What you need to do:
Could you retype all of the records exactly, leaving out every picture?

[Task input Boundary: Start]

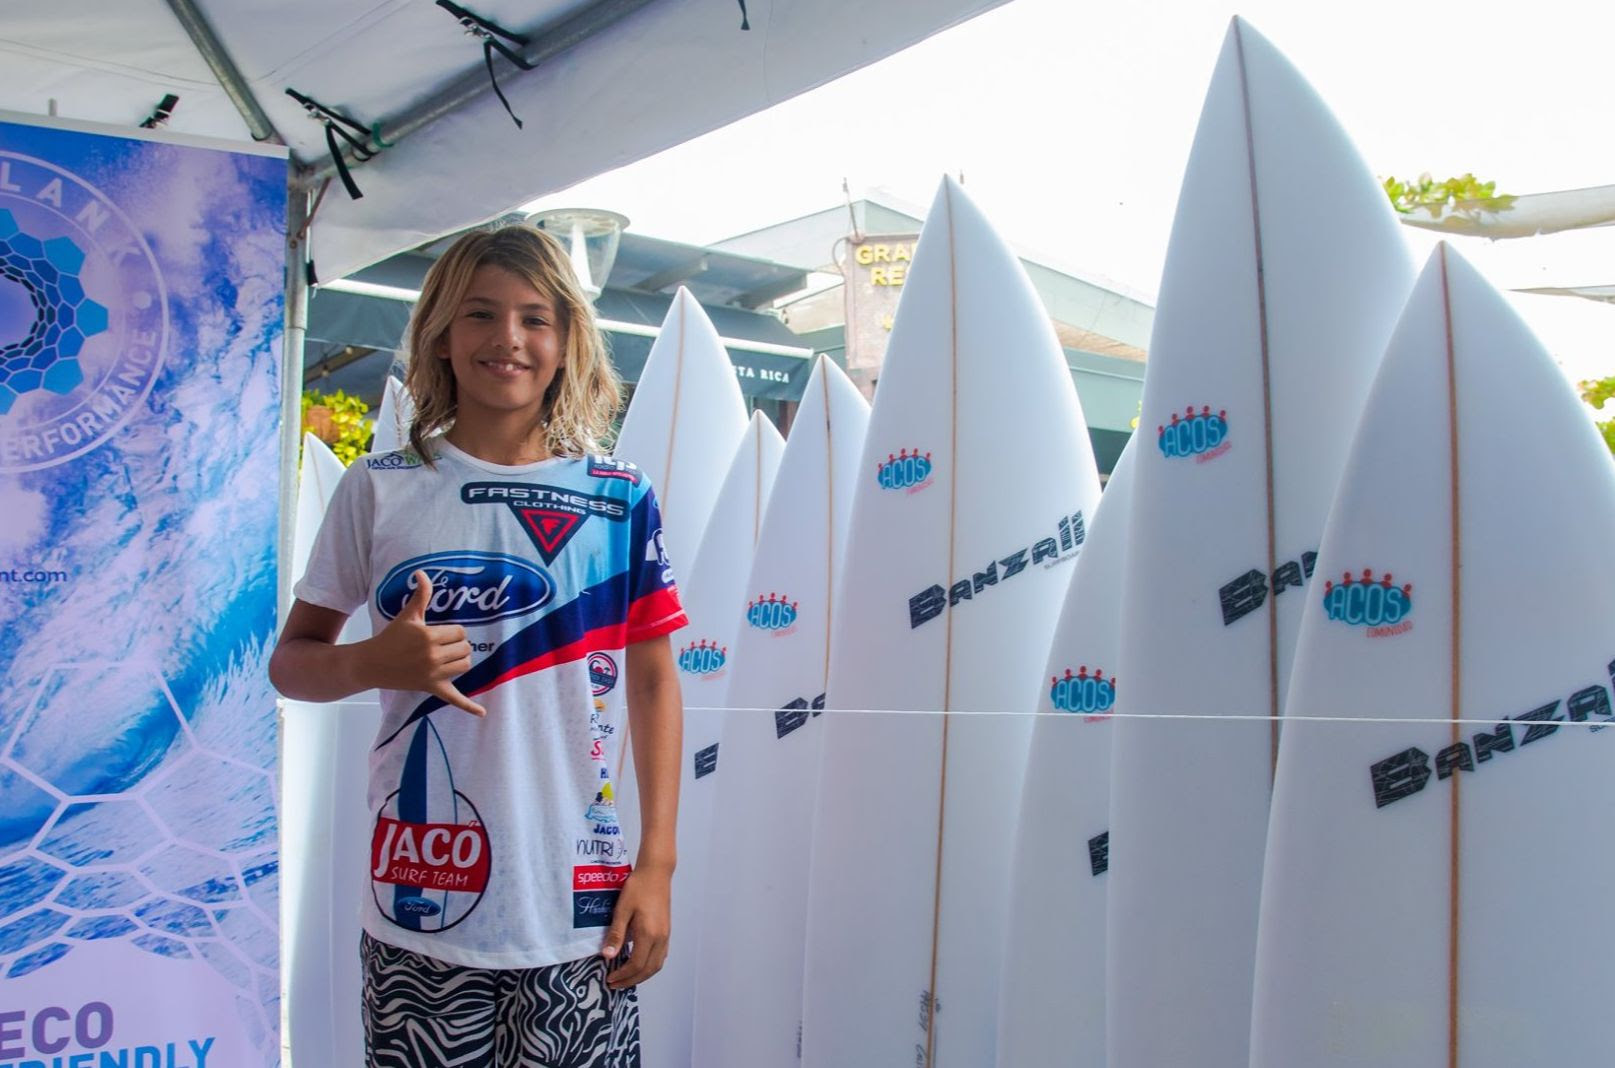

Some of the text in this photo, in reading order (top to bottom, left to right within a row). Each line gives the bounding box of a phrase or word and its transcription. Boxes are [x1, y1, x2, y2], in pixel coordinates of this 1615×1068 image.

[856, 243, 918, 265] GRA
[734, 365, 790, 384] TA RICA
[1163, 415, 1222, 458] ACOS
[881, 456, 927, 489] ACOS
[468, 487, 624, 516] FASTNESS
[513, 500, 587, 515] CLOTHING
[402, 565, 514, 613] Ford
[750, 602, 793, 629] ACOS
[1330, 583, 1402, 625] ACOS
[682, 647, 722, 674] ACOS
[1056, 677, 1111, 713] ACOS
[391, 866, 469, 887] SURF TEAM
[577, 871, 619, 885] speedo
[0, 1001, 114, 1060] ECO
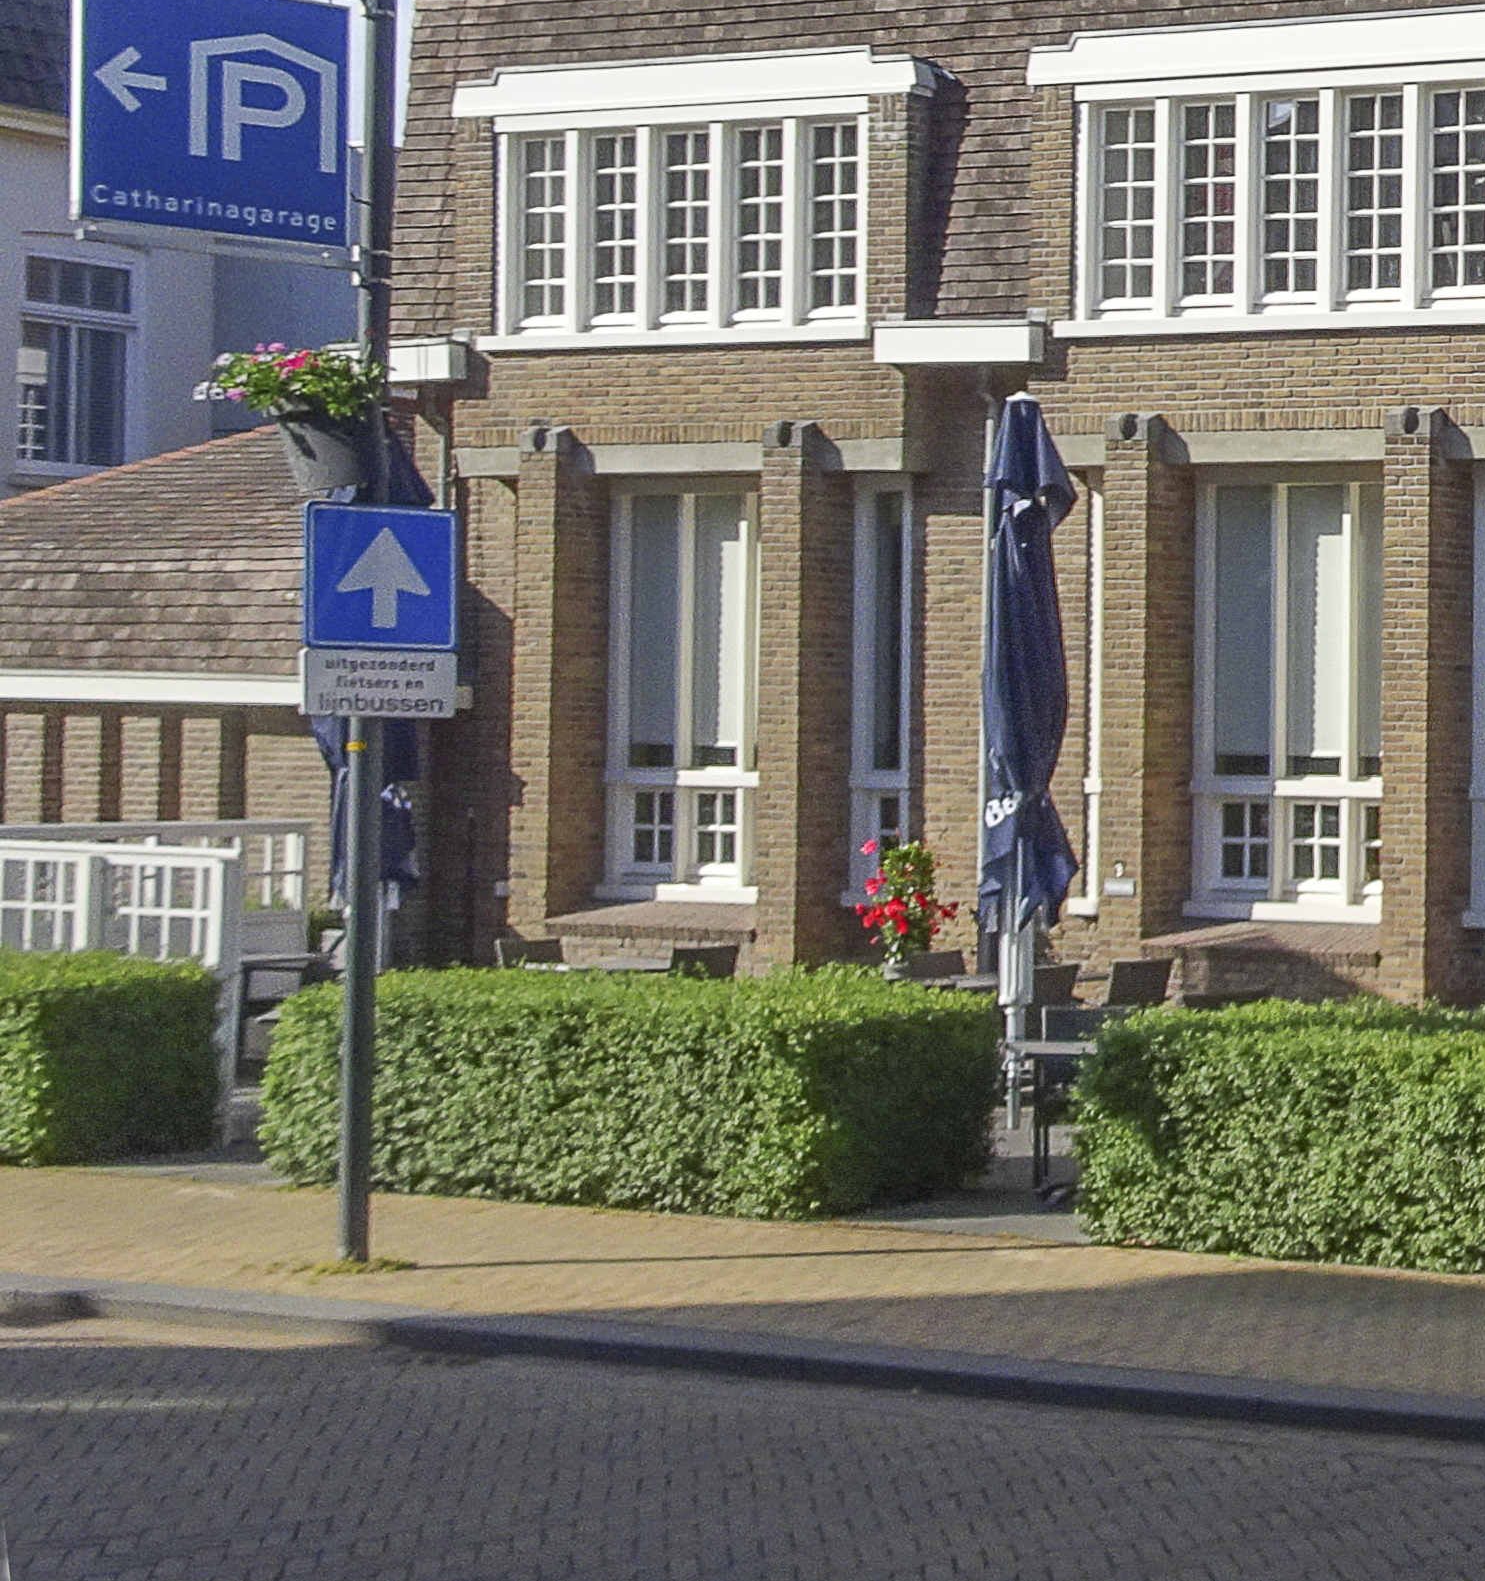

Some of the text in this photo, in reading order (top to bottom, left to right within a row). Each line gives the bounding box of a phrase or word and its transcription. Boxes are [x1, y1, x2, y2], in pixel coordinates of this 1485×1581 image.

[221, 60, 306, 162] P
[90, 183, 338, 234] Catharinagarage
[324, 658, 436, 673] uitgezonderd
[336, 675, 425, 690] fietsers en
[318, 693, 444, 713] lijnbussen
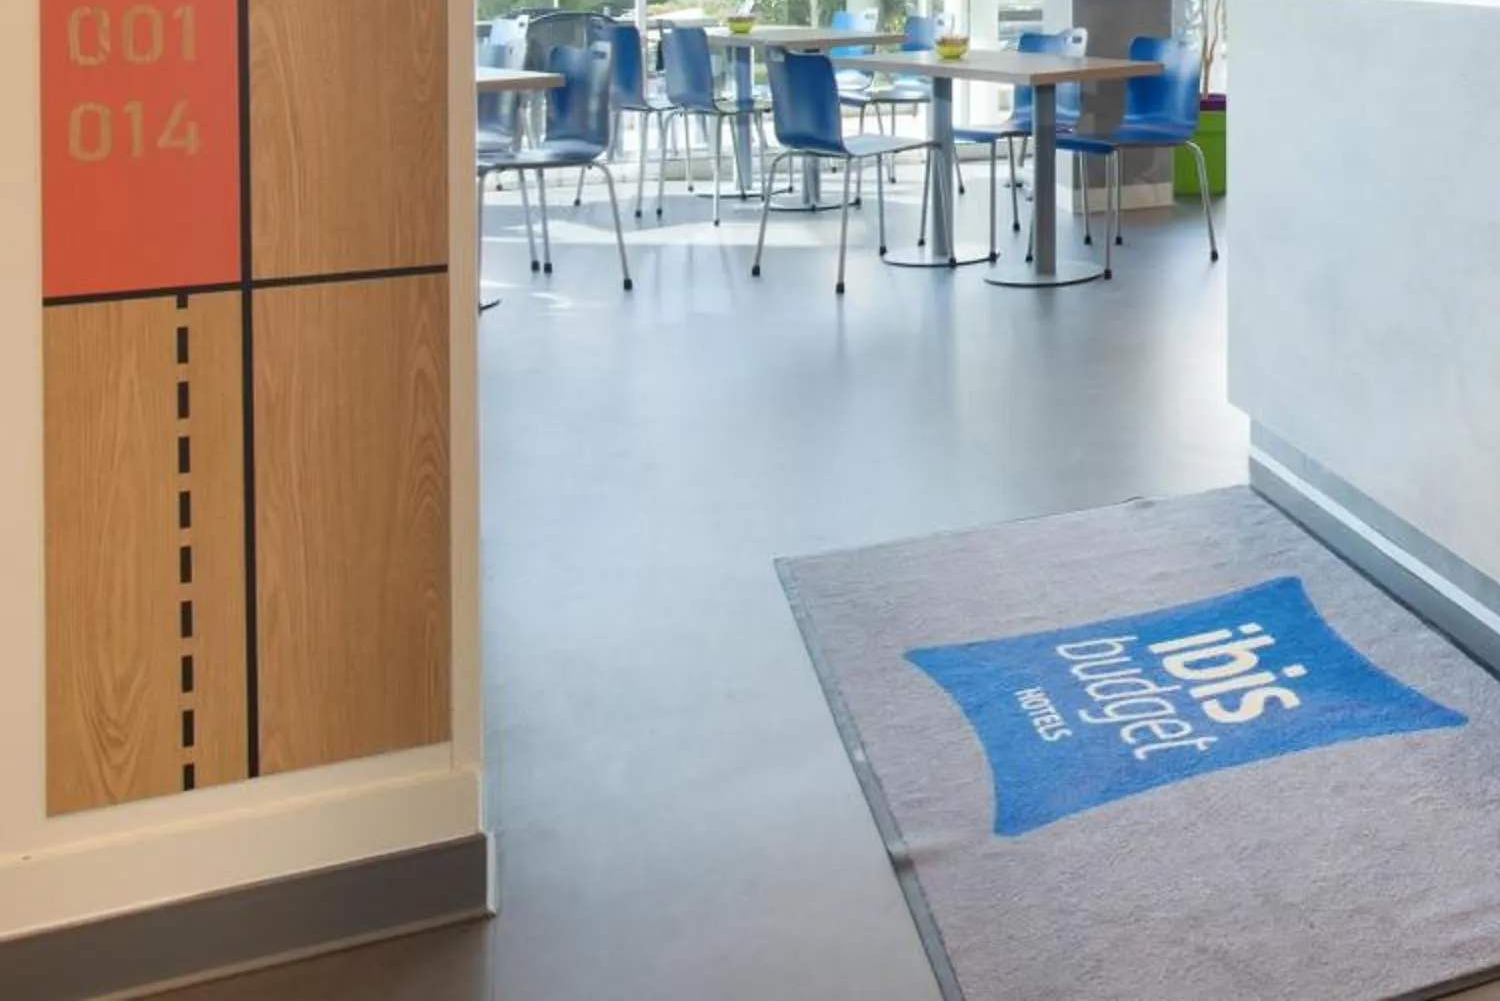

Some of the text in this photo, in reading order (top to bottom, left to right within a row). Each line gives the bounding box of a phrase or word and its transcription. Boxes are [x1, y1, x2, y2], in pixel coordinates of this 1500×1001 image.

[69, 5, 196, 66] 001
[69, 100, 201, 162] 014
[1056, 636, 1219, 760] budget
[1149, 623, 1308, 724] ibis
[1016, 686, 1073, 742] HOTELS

[Task input Boundary: End]

Solved exercise:
Some of the text in this photo, in reading order (top to bottom, left to right within a row). Each line gives the bounding box of a phrase or word and its transcription. Boxes are [x1, y1, x2, y2], in pixel coordinates of this 1615×1068 image.

[856, 243, 918, 265] GRA
[734, 365, 790, 384] TA RICA
[1163, 415, 1222, 458] ACOS
[881, 456, 927, 489] ACOS
[468, 487, 624, 516] FASTNESS
[513, 500, 587, 515] CLOTHING
[402, 565, 514, 613] Ford
[750, 602, 793, 629] ACOS
[1330, 583, 1402, 625] ACOS
[682, 647, 722, 674] ACOS
[1056, 677, 1111, 713] ACOS
[391, 866, 469, 887] SURF TEAM
[577, 871, 619, 885] speedo
[0, 1001, 114, 1060] ECO

Some of the text in this photo, in reading order (top to bottom, left to right within a row). Each line gives the bounding box of a phrase or word and its transcription. Boxes are [x1, y1, x2, y2], in pixel coordinates of this 1485×1581 image.

[221, 60, 306, 162] P
[90, 183, 338, 234] Catharinagarage
[324, 658, 436, 673] uitgezonderd
[336, 675, 425, 690] fietsers en
[318, 693, 444, 713] lijnbussen

Some of the text in this photo, in reading order (top to bottom, left to right within a row). Each line gives the bounding box of a phrase or word and its transcription. Boxes are [x1, y1, x2, y2], in pixel coordinates of this 1500×1001 image.

[69, 5, 196, 66] 001
[69, 100, 201, 162] 014
[1056, 636, 1219, 760] budget
[1149, 623, 1308, 724] ibis
[1016, 686, 1073, 742] HOTELS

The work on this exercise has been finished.